Memory optimizations #31941

jvandort · 2025-01-06T22:07:07Z

Gradle is currently not able to execute assemble on the Android 6k project benchmark without running out of memory with a 55GB heap.

This PR includes changes to help reduce the amount of retained memory during task graph traversal.

While Gradle still cannot execute assemble with a 55GB heap after these changes, it does reduce the required memory to execute assembleDebug by ~3GB. Before these changes, a 26GB heap was required to complete task graph traversal. After these changes, only a 23GB heap is required.

The majority of reduced memory usage was by using immutable collections instead of mutable collections. Immutable collections are much more memory efficient than mutable collections, as collections like (non-linked)/Linked Hash Map/Set allocate a Node on the heap for every entry in the collection, while Guava immutable collections store data in a contiguous array.

This PR is separated into 5 commits:

Avoid Lists.newArrayList(E...). This likely does not cause much benefit, but this factory method allocates an oversized array for the new array list -- often wasting memory.
Size CachePolicy rules to initial expected size. A ResolutionStrategy is one of the largest parts of a Configuration. This marginally reduces the size of a Configuration.
Use ImmutableSet when caching task graph node values. When walking the task graph, we keep an in-memory cache of node dependencies. We use an immutable collection instead of mutable collection as the value to this map, reducing the memory overhead of the cache.
Use immutable data structures for ResolvedComponentResult. Migrate to immutable data structures in this type, as it is retained in memory for the entirety of graph traversal. We could look into potentially not keeping this in memory in future changes.
Make MutationInfo immutable. MutationInfo on a task graph Node stores data related to the files that a node creates, consumes, and destroys. This was functionally immutable in the past. The code has been migrated to use immutable data structures to store this data.

Future things to look at:

Reduce the footprint of Configuration. In the 6k project benchmark, there are over 1.3 million Configuration instances. They are quite heavy-weight and the average "empty" configuration is ~5kb.
Reduce the footprint of DependencyPredecessorsOnlyNodeSet. It stores a TreeSet of nodes. For this large graph, the overhead of the TreeSet itself (only the nodes of the set, not the retained data) is ~5-7GB.
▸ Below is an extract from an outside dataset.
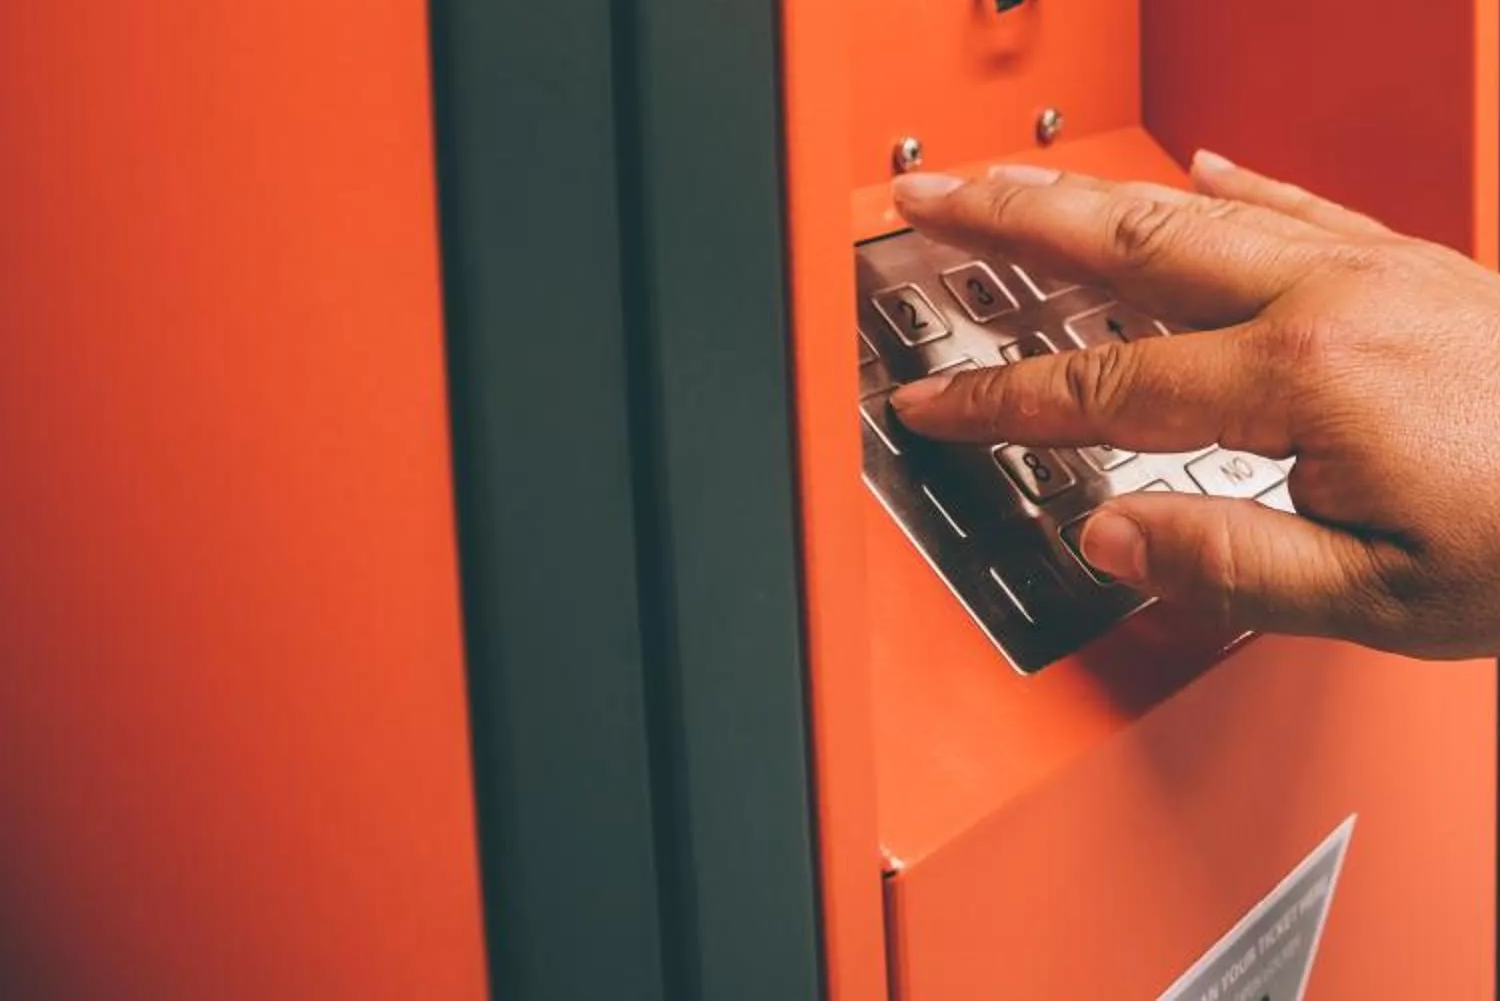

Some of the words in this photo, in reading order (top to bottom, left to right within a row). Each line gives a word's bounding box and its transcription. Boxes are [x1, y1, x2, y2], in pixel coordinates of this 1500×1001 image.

A snapshot of the memory situation this PR worked with:

Reviewing cheatsheet

Before merging the PR, comments starting with

❌ ❓must be fixed
🤔 💅 should be fixed
💭 may be fixed
🎉 celebrate happy things

alllex · 2025-01-13T10:07:35Z

Do we have a way to lock down the current state of memory usage in such a scenario in a performance test or something similar? I am afraid introducing a wide array of local improvements might not hold up after some later refactorings, which would accidentally negate or remove these smaller improvements.

Having a way to lock down the current state, we should then be able to capture the improved state.

jvandort · 2025-01-13T14:56:34Z

Do we have a way to lock down the current state of memory usage in such a scenario in a performance test or something similar? I am afraid introducing a wide array of local improvements might not hold up after some later refactorings, which would accidentally negate or remove these smaller improvements.

Having a way to lock down the current state, we should then be able to capture the improved state.

Our performance tests do have their max daemon heap sizes configured, so it could be possible to fine-tune that number for each perf test so that if the memory usage rises the test would OOM.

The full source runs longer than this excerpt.